Car la pudeur n'est pas que linguistique. Comme l'acte sexuel de chacun, l'acte de boire de l'alcoolique ne peut se montrer. Sous le registre de la chose honteuse, non symbolisée, le dire, comme le faire, doit être exclu de la scène sociale (Lorsque l'acte corporel a l'effet et le sens exact de ce qu'il donne à voir, le phénomène pudique interdit qu'il soit vu ou nommé: dans la communication sexuelle signifiant et signifié sont confondus). Là encore le sujet peut acquérir, de l'entretien, une meilleure connaissance des bases de son comportement, en particulier sur cette consommation clandestine qui, à plus d'un titre, on le comprend, est reconnue comme "honteuse". Ce qu'il apprend alors sur lui-même ne s'inscrit pas dans les malédictions de l'alcoolo dépendance.

Le phénomène de la pudeur, régulant aussi les rituels alimentaires et les manières de table, est donc au premier plan dans la clinique alcoologique. Processus éminemment normatif et commun à tous, il fait découvrir que les attitudes psychiques qui nourrissent les symptômes et brouillent le discours, ne sont en rien spécifiques de l'alcoolisme. Mais le clinicien doit oeuvrer ici comme dans une consultation de sexologie. N'oublions pas que c'est en nommant le détail qu'il devient obscène: ainsi la simple question "combien buvez-vous?" doit-elle être soigneusement évitée.

Alibis et solitude

L'acte de boire, ne pouvant ni se dire, ni se laisser voir, le secret et la solitude finissent par s'imposer. Il serait bon alors de se confier à quelqu'un, famille ou médecin. Mais plus c'est nécessaire, plus c'est impossible.

Il reste au patient, pour lutter contre la dépression, de valider son geste à la recherche d'un rituel d'accompagnement qui puisse figurer un lien avec le social. Il maquille ses prises d'alcool derrière la pseudo légitimité d'usages convenus: le tiercé, la partie de carte ou de boules... Cette utilisation détournée des rites et des motifs conviviaux préserve, dans les apparences, les normes du groupe.

Une autre stratégie consiste à rechercher des lieux, des moments, des contextes où la démesure est reconnue. Les alcooliques vont vers d'autres alcooliques, efficace recours contre la dépression que provoque toujours l'isolement.

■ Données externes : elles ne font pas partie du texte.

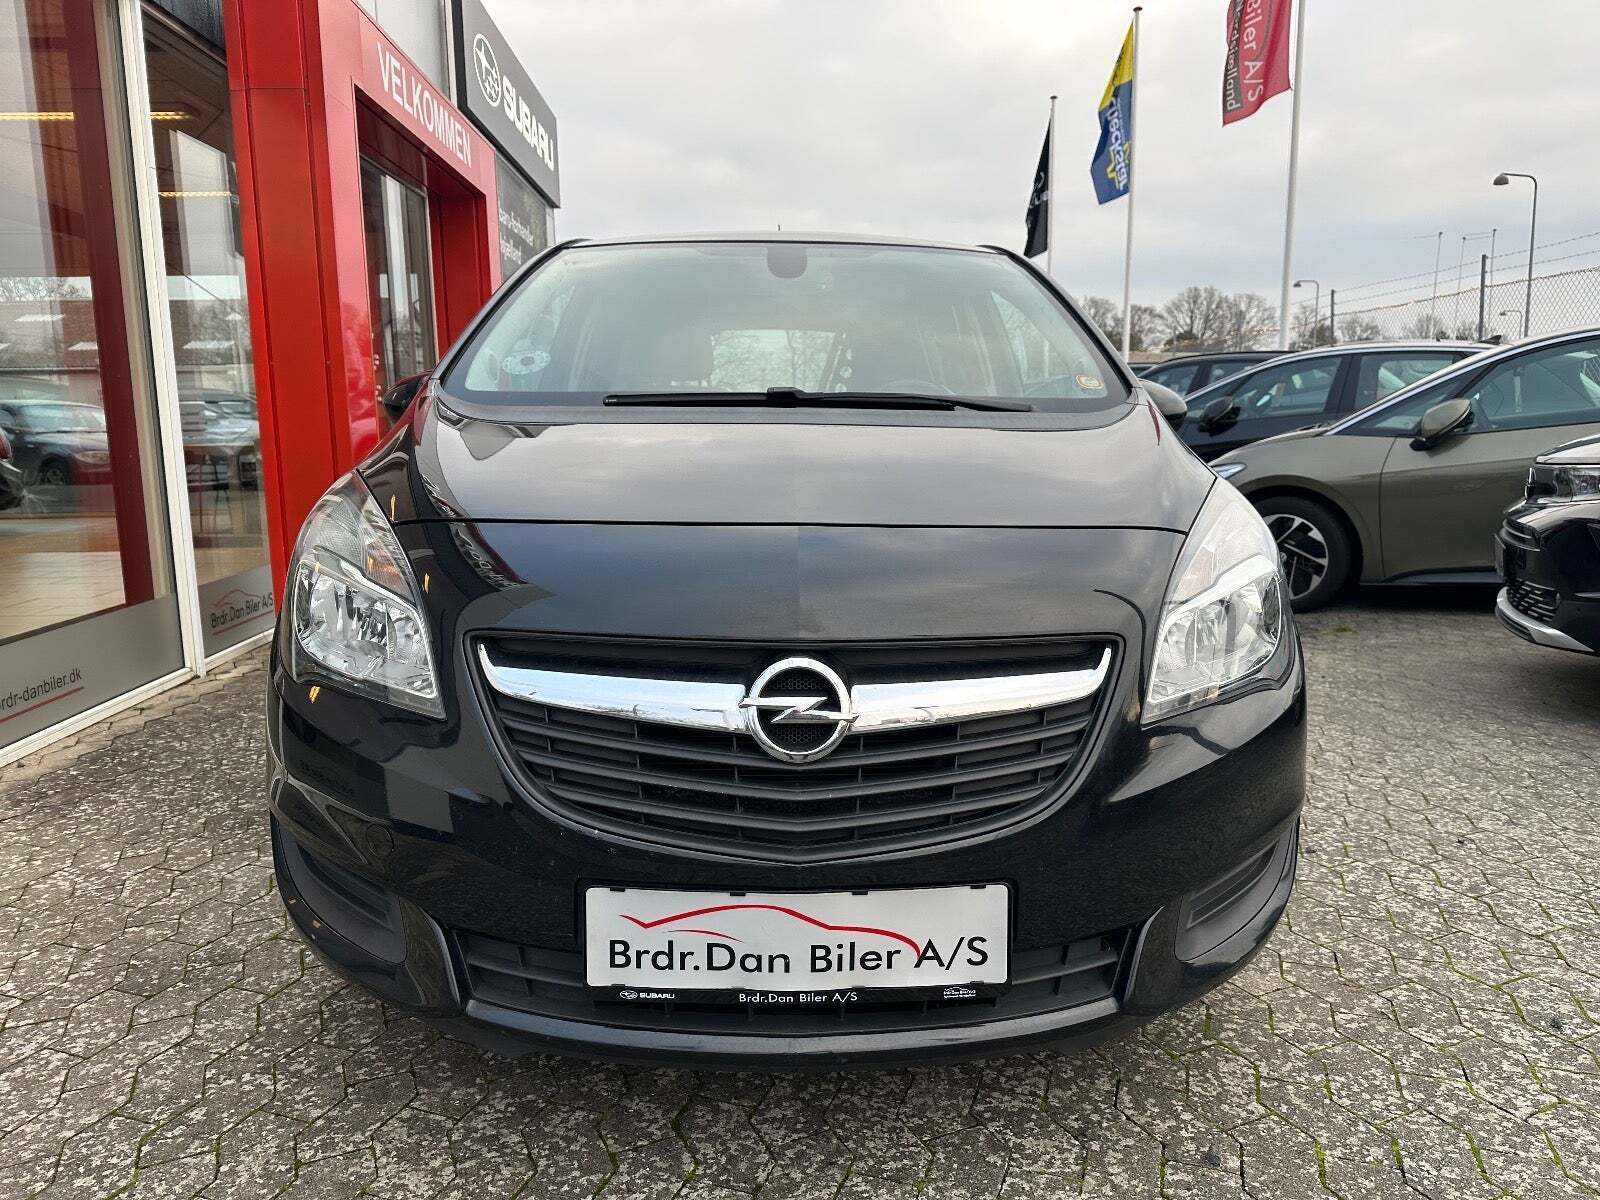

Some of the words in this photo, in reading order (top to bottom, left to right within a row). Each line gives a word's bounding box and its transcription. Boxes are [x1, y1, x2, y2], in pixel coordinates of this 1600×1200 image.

[1243, 61, 1264, 102] A/S
[376, 41, 472, 169] VELKOMMEN
[502, 75, 555, 171] SUBARU
[0, 668, 82, 711] rdr-danbiler.dk
[609, 939, 790, 974] Brdr.Dan
[810, 942, 901, 973] Biler
[914, 936, 989, 971] A/S
[738, 992, 794, 1003] Brdr.Dan
[799, 993, 828, 1002] Biler
[832, 991, 858, 1002] A/S
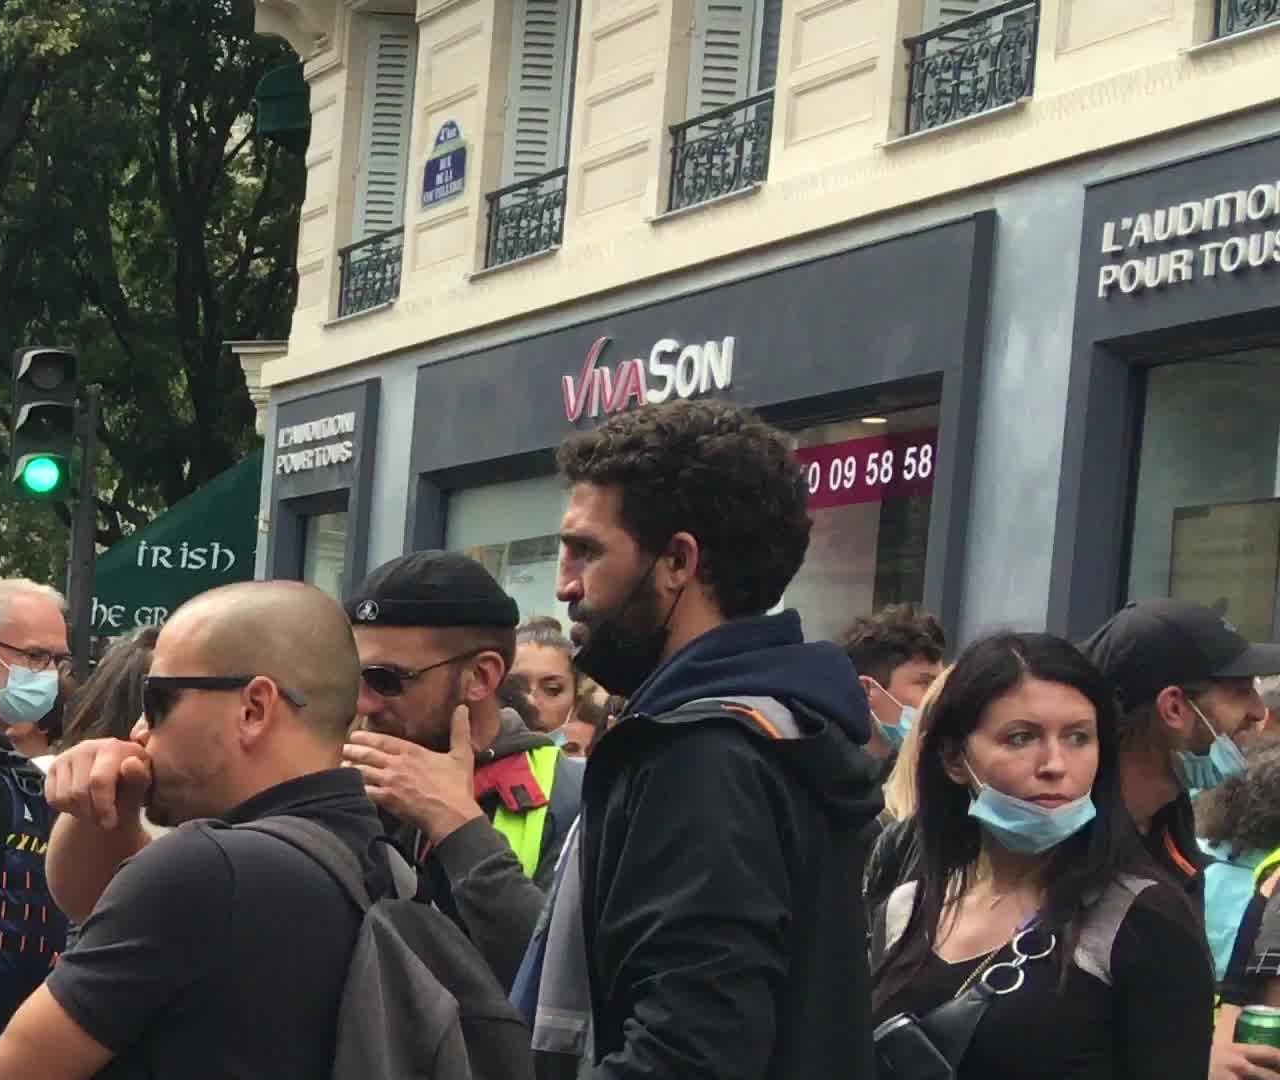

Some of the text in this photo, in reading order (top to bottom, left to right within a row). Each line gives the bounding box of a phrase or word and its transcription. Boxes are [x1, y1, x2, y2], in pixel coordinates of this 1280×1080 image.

[1101, 180, 1280, 254] L'AUDITIO
[1097, 249, 1194, 298] POUR
[800, 443, 933, 495] 0 09 58 58

Quand le besoin est permanent, l'obéissance au corps aussi complète que la soumission de l'esprit, le secret et la solitude finissent par s'imposer. Une culpabilité dépressogène devient le point focal de la relation clinique. En même temps que l'évidence d'une surconsommation ne trompe personne, le patient persiste dans ses dénégations. Le couple évolue vers la méfiance hostile et la rancune réciproque, communes à tout défaut de communication. Le patient écartera, coûte que coûte, toute mise en rapport avec l'alcool. Il ne sera pas en manque d'explications pour lesquelles il est tout prêt à se remettre en question, d'autant plus que s'accentue sa dépendance morale, son besoin de soutien matériel et affectif. C'est un fait toujours vérifié que les alcooliques, accaparés par l'alcool n'ont aucune tendance à quitter par eux-mêmes un foyer, parental ou conjugal où ils ne sont souvent plus désirés et toujours contestés.

On impute usuellement ces troubles du comportement social et familial aux effets psychotropes de l'alcool, à la détérioration physiologique, à la personnalité sous-jacente. On sous-estime généralement le handicap du langage dans ce climat relationnel. L'établissement d'une relation clinique passe avant tout par la juste évaluation de ces facteurs de perturbations linguistiques et leur pouvoir dépressogène, qui d'ailleurs aboutit souvent à la prescription d'antidépresseurs alors que le patient à d'abord besoin de mots.

Un travail marqué aussi par ce paradoxe qu'il devra conduire le patient vers une marginalité de fait. En ceci l'alcoolisme se distingue des autres toxicomanies. Un héroïnomane sevré réintègre la norme. Un alcoolique devenu abstinent entre dans une position marginale et disqualifiante, un authentique handicap social. Ce que perçoit bien, et non sans terreur, le patient qui se sait promis à l'abstinence.